18+
реклама
18+
Бургер менюБургер меню

Анатолий Мариенгоф – Мой век, моя молодость, мои друзья и подруги (страница 82)

18

Это он! Это философ Качалов, стоящий тут, перед нами, на фоне длинных серебряных труб филармонийского органа, это Василий Иванович Качалов любит человеческую жизнь и «красоту мира Божия».

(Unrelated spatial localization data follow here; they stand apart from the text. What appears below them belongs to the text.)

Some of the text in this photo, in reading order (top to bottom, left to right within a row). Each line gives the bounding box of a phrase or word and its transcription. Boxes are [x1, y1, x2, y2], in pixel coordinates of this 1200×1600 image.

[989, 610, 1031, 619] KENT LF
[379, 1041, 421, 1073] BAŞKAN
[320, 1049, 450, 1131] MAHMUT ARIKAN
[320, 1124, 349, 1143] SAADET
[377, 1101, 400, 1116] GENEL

Только я в эту цветь, в эту гладь Под тальянку веселого мая Ничего не смогу пожелать, Все как есть, без конца принимая. Принимаю — приди и явись, Все явись, в чем есть боль и отрада… Мир тебе, отшумевшая жизнь. Мир тебе, голубая прохлада.

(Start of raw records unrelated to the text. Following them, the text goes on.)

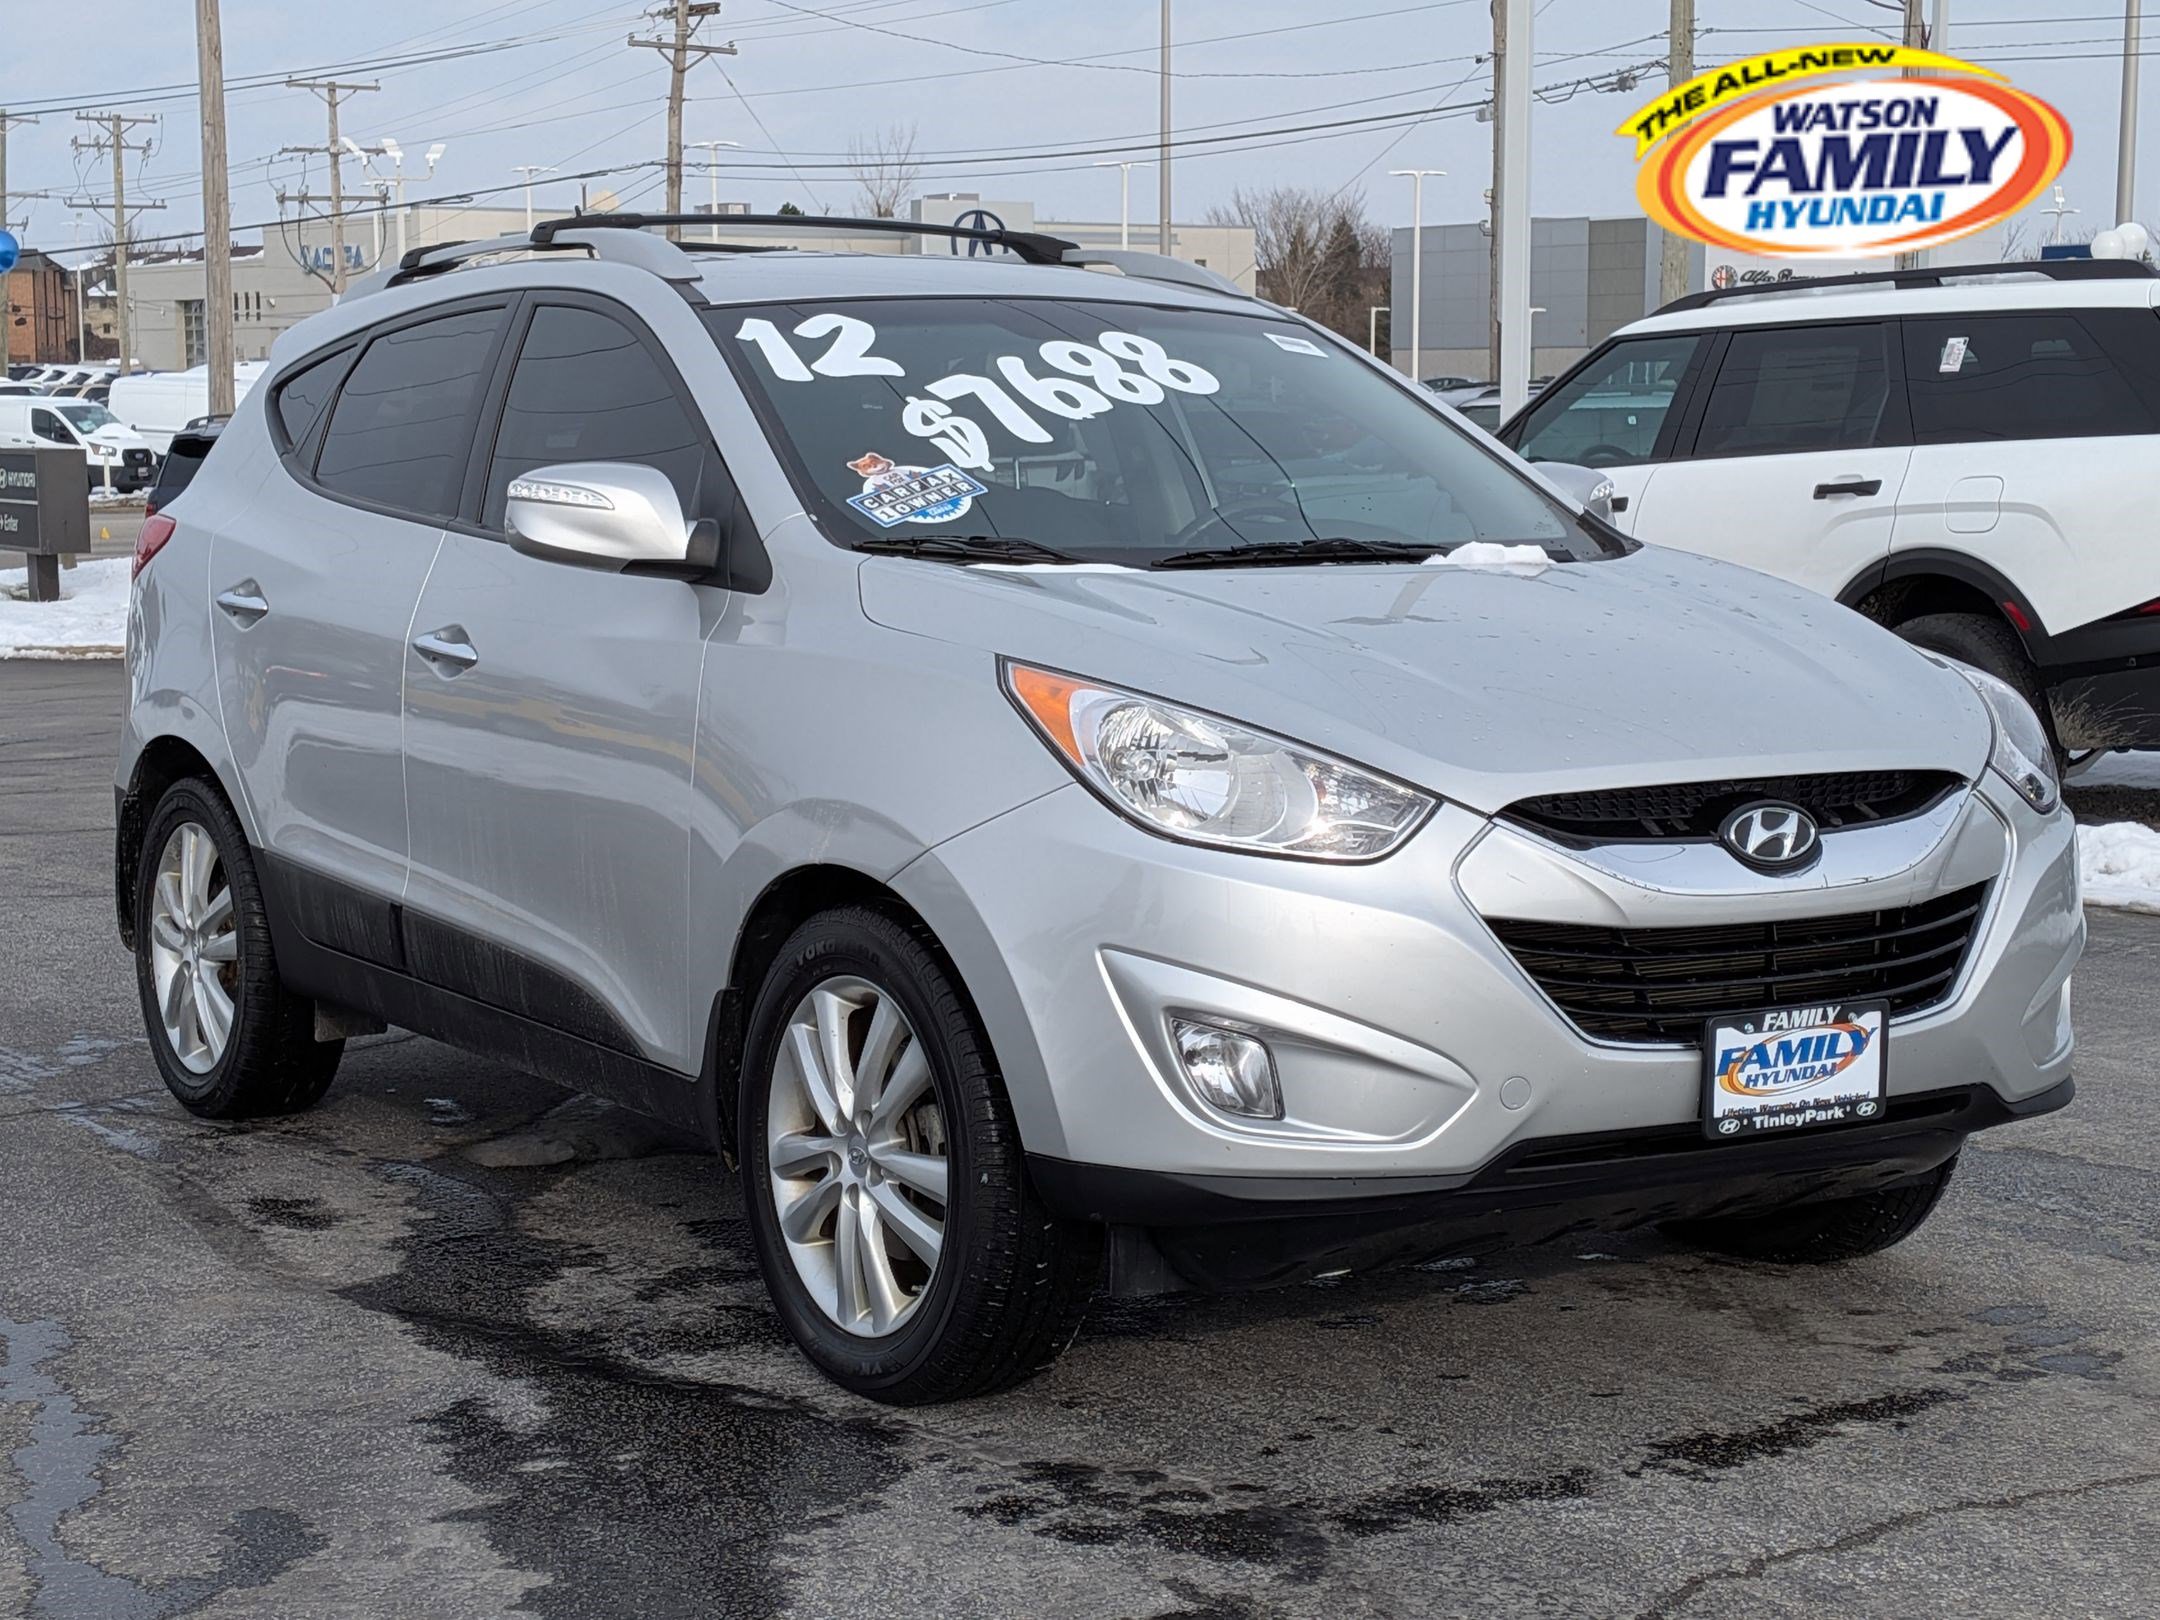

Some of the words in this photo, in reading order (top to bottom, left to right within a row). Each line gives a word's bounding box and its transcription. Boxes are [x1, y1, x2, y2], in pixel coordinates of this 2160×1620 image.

[313, 245, 364, 270] ACRA
[735, 313, 905, 382] 12
[902, 331, 1220, 472] $7688
[862, 473, 960, 509] CARFAX
[1762, 1006, 1842, 1031] FAMILY
[1715, 1027, 1879, 1077] FAMILY
[1744, 1063, 1839, 1089] HYUNDAI
[1722, 1105, 1757, 1118] Lifetime
[1759, 1101, 1797, 1113] Warranty

И это не Сергей Есенин, а Качалов.

И опять:

«Рукоплесканьями гремит широкая арена».

Наклонясь к Никритиной, я шепчу:

— Вот тебе, Нюха, и эстрадник!

— Ух, какой великий эстрадник!

Василий Иванович внутренне давно ушел из Художественного театра. Он даже говорил «они» о работающих, вернее — служащих в невысоком серо-зеленом доме с чайкой над входом.

Станиславский пугал:

— Ни один театр в мире не может так быстро рассыпаться, как Художественный. Он может рассыпаться в два месяца или даже в два спектакля, и ничего от него не останется.

Над этими словами надо бы призадуматься.

Когда смерть подошла и встала возле примятых подушек Качалова, опершись на невысокую спинку его больничной кровати, Василий Иванович, не надевая пенсне, ясно ее увидел.

— А знаешь, Нина, — очень тихо сказал он, — мне уже это не страшно. Но и не любопытно.

Нина Николаевна сухими губами припала к его руке.

Потом, постаравшись улыбнуться, он сказал голосом, почти лишенным звука:

— А ну — со смертью будем храбры!

Ведь все равно возьмет за жабры.

Нина Николаевна заплакала.

Она плакала и рассказывая мне это.

Качалова нет.

Я не в первый раз без него сижу в его кабинете. И всегда сжимается сердце. До чего же он не похож на его кабинет!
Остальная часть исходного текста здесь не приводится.